Continuous Profiling of Tezos: The what and why

Over the last year Opsian have been implementing Continuous Profiling for the Tezos platform, in this post we’ll explain first what problem it solves and then what it is.

What problem are we trying to solve?

In order to have a fast, scalable and low cost Tezos platform it’s important to be able to perform optimizations on the core platform. Often making code faster is a really fun activity that developers love to do, but when you’ve got a mature platform with a size-able codebase it’s hard to know what code to optimize. Experience shows that normally only a few small areas of a codebase, the performance hotspots, are dominant in terms of the number of CPU cycles they use up and that profilers can help us identify the hotspots within a program.

The traditional methodology for using profilers, used due to their overhead, is to write performance tests against the software that you’re trying to optimize and then profile the code under this load. Unfortunately this can be a flawed methodology.

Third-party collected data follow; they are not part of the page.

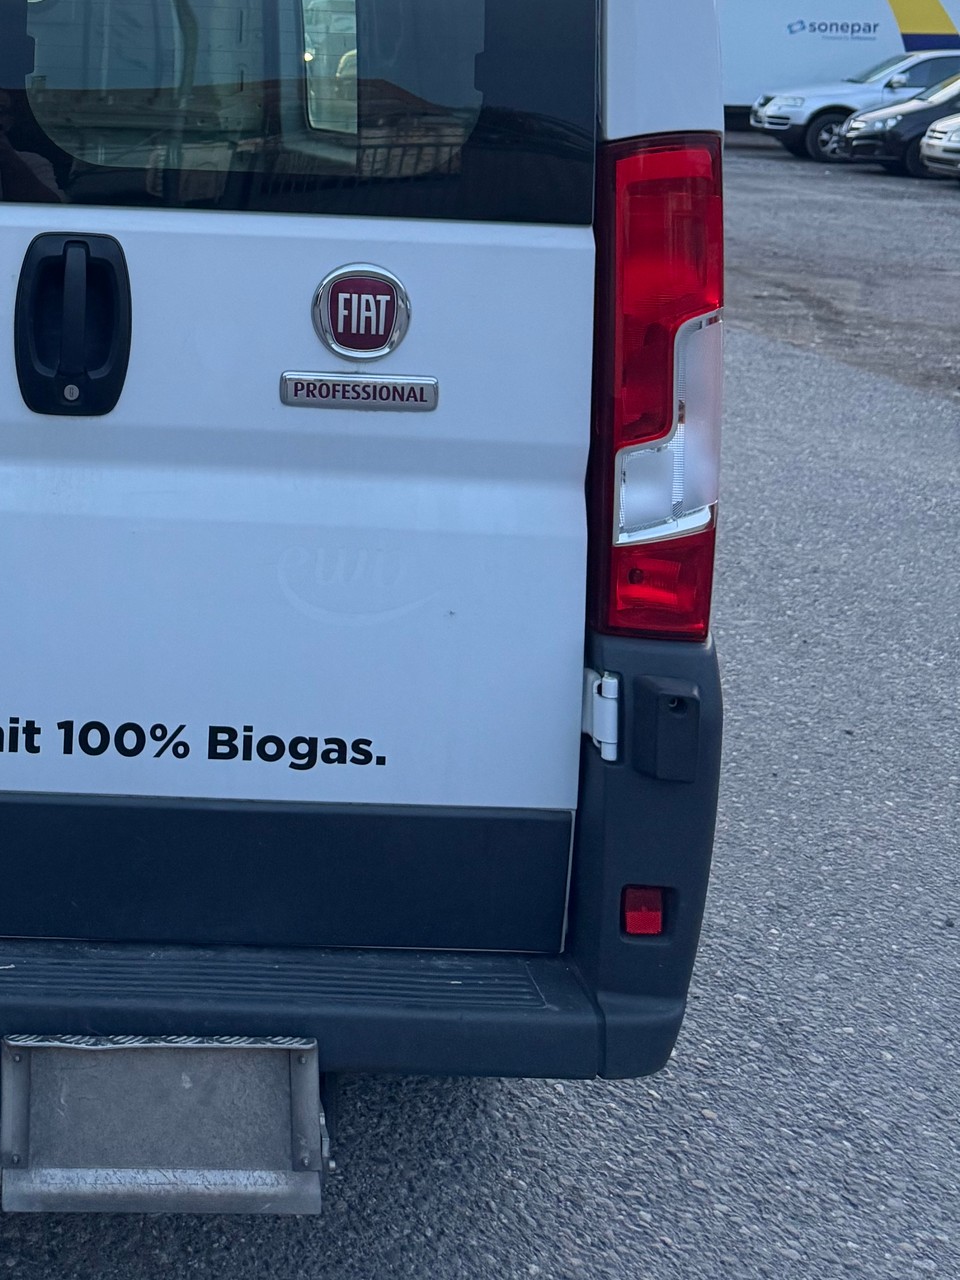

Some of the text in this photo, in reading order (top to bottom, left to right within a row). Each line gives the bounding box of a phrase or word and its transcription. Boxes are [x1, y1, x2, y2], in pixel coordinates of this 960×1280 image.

[808, 22, 879, 35] sonepar
[337, 292, 391, 335] FIAT
[293, 381, 428, 403] PROFESSIONAL
[56, 719, 191, 760] 100%
[207, 724, 387, 771] Biogas.
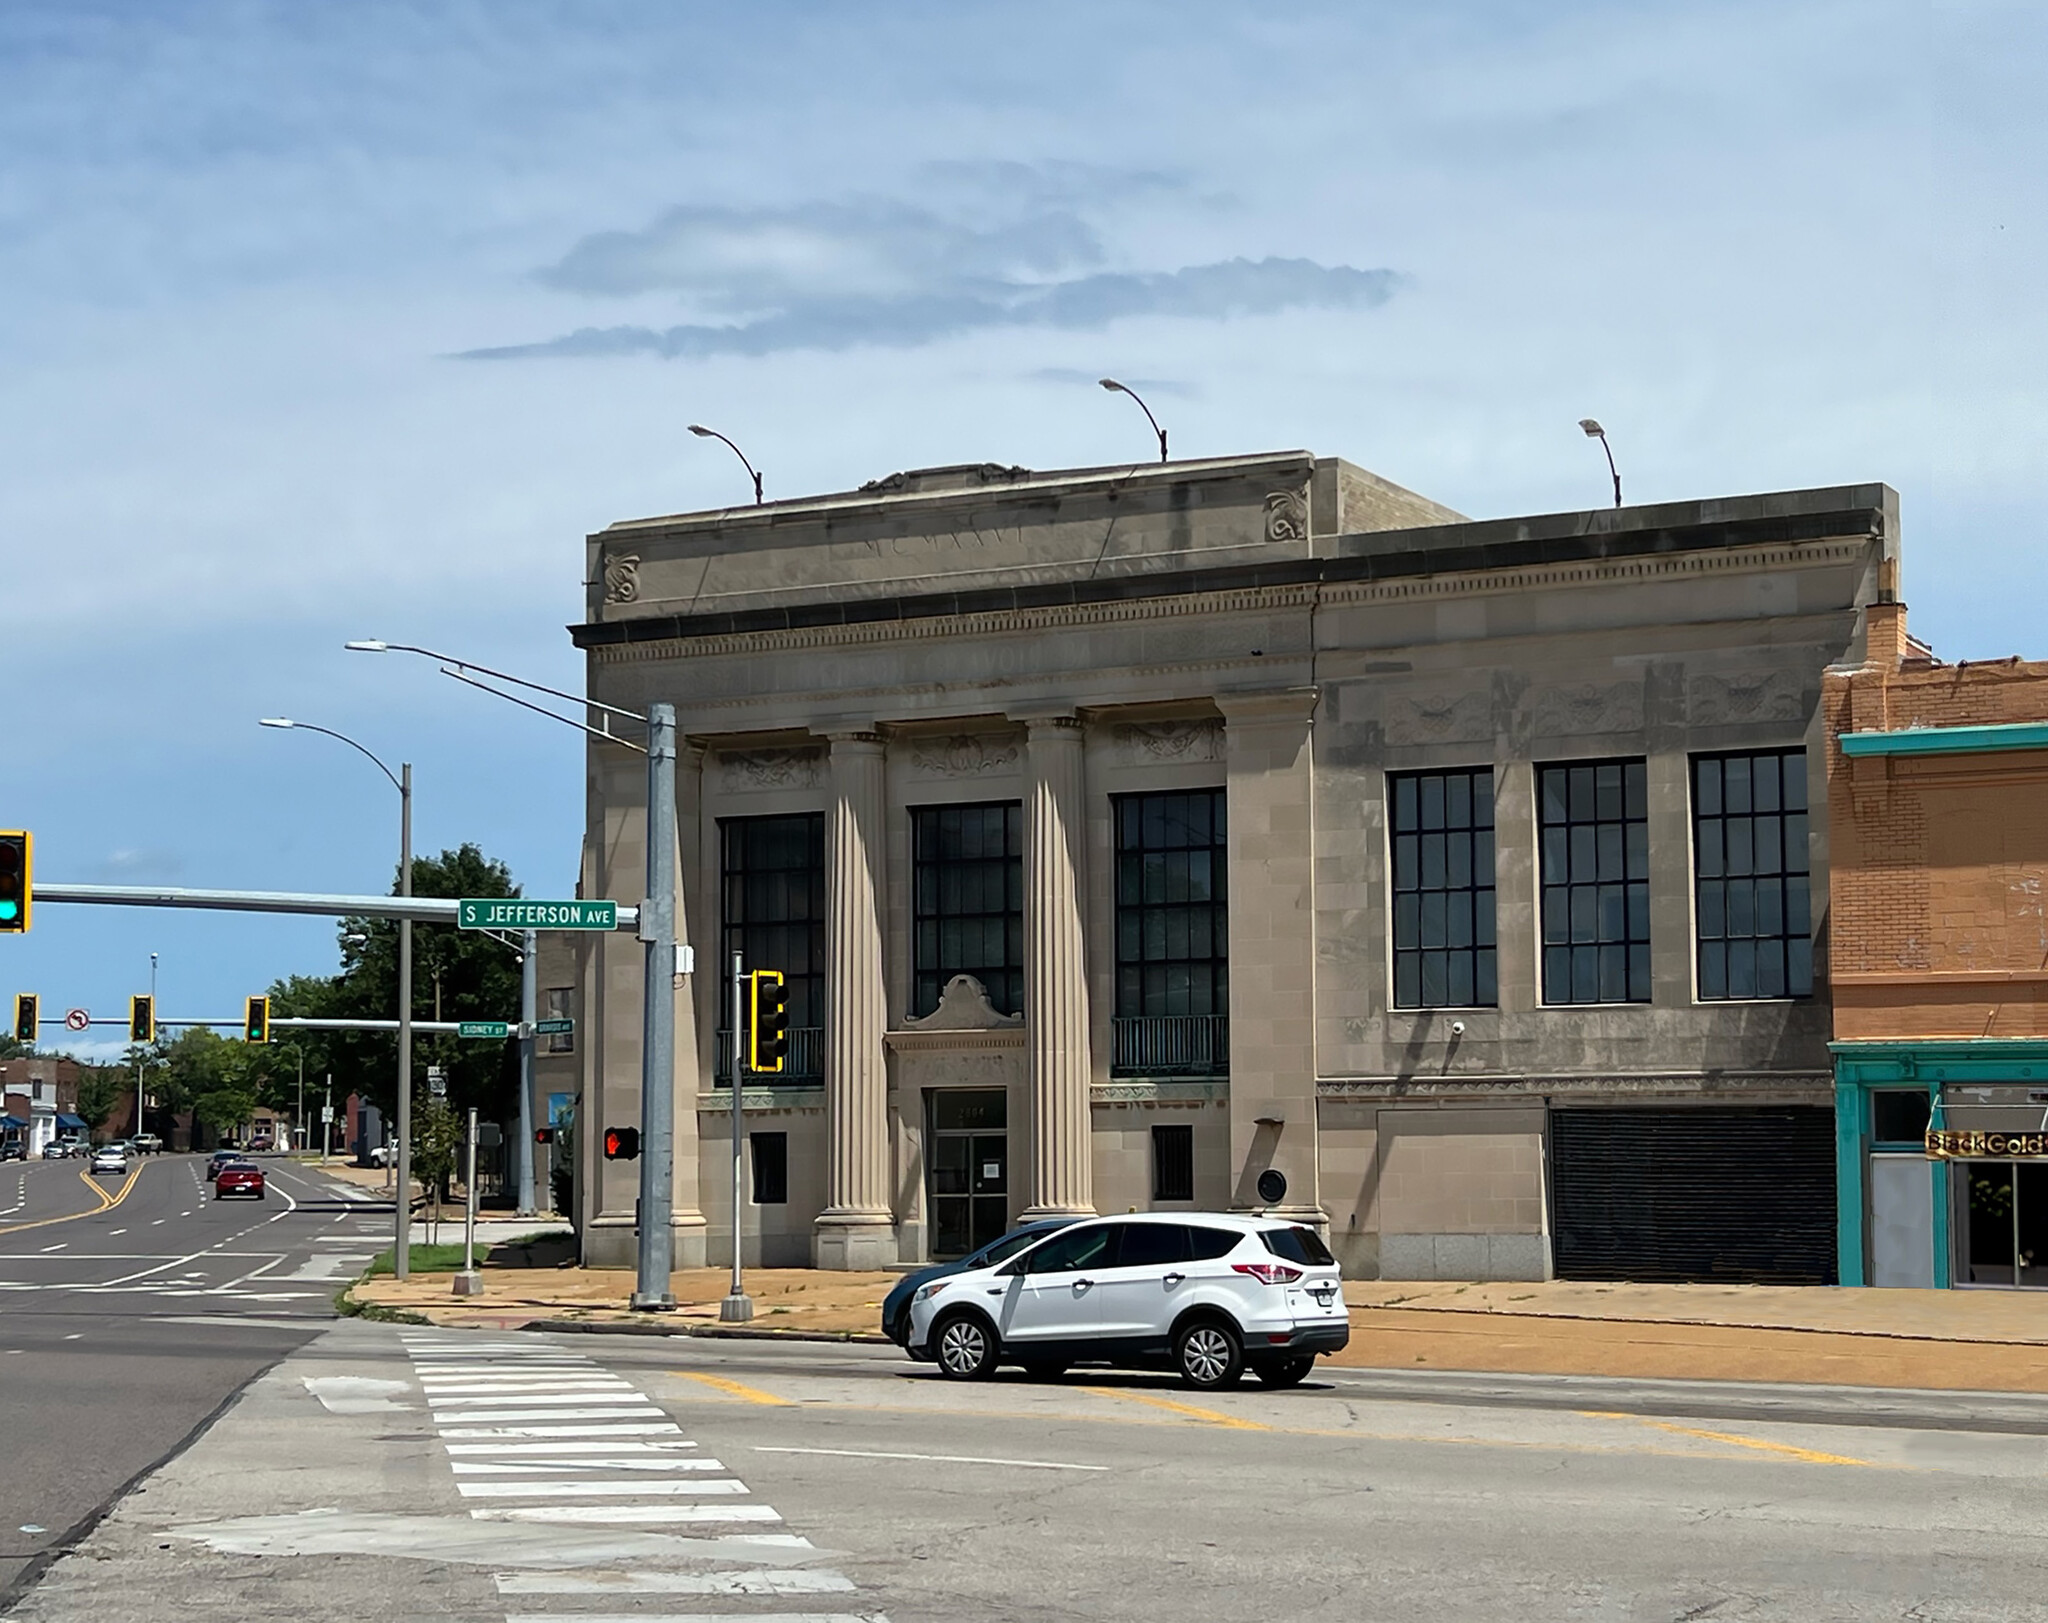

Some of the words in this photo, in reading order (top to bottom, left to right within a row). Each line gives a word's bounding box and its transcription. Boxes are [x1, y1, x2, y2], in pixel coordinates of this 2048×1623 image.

[466, 905, 476, 922] S
[486, 906, 581, 923] JEFFERSON
[587, 910, 610, 924] AVE
[463, 1025, 493, 1035] SIDNEY

Your performance testing results might be inaccurate due to several factors:

  • Unrepresentative Hardware. The hardware that you’re running your performance test on has different performance characteristics for CPU or IO to your production system so that it exhibits a different bottleneck to your real system.
  • Unrepresentative Software. The software version used in your performance test is different in your test environment to your production system. This could entail running on a different operating system version. Sometimes small patch versions can alter performance dramatically: for example one Windows security patch tanked UDP throughput by 40% in some benchmarks.
  • Unrepresentative Workloads. This is behaviour that differs from the real world load on a system. This results in the wrong code paths in the application being tested and the profiling looking at the wrong parts of the codebase.

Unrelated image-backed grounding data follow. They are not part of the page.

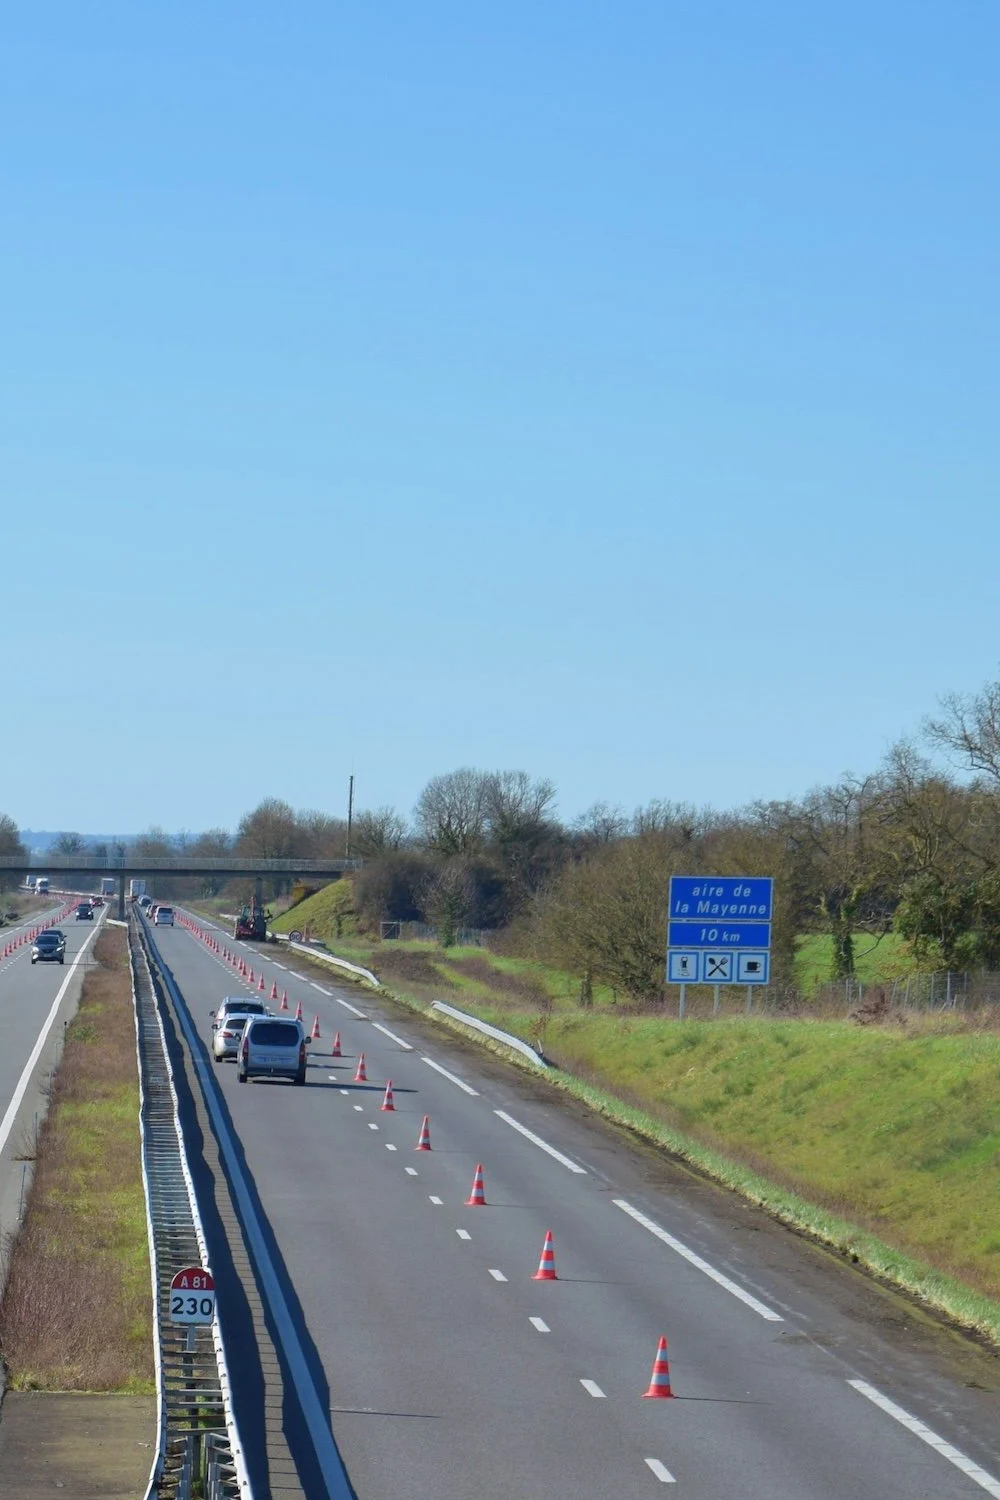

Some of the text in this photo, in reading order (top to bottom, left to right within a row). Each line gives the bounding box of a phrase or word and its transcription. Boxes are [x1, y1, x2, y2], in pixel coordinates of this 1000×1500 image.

[692, 883, 751, 897] aire de
[675, 900, 766, 916] la Mayenne
[700, 928, 741, 942] 10 km
[180, 1275, 207, 1289] A 81
[171, 1296, 213, 1316] 230

Continuous Profiling solves these problems by profiling a real-world running system.

Continuous Profiling

If we can profile production at low overhead, why not do it all the time? This approach is called Continuous Profiling and it has many advantages over ad-hoc profiling. Server access-related issues disappear as once the continuous profiler has been set up, access to the servers is no longer needed when diagnosing an issue. Having current and historic profiling data easily accessible also brings a bunch of benefits. For example being able to compare profiling data before and after releases of new versions of software or hardware upgrades in order to see if bottlenecks have moved.

Continuous Profiling also entails a change in the architecture of software profilers. Traditional profilers offer a Desktop oriented UI or a commandline tool. In the new era of continuous profiling we need to continuously export the data off of the server being profiled, aggregate the profiling data on a server so that developers, in different time zones and organisations can collaborate on a shared, accurate and fully-representative view of the data.

One thing we witness often with developers using Continuous Profiling is the realisation that the assumptions and mental models they use during development for the cost of operations or the nature of data are incorrect. We’ve seen significant reductions in load from our other customers simply switching the order of certain filters based on their actual costs in production rather than the assumed cost at development time.

Thankfully at Opsian we’ve solved the problem of being able to continuously profile at really low overheads, we’ll talk about our technical approach in our next Agora post.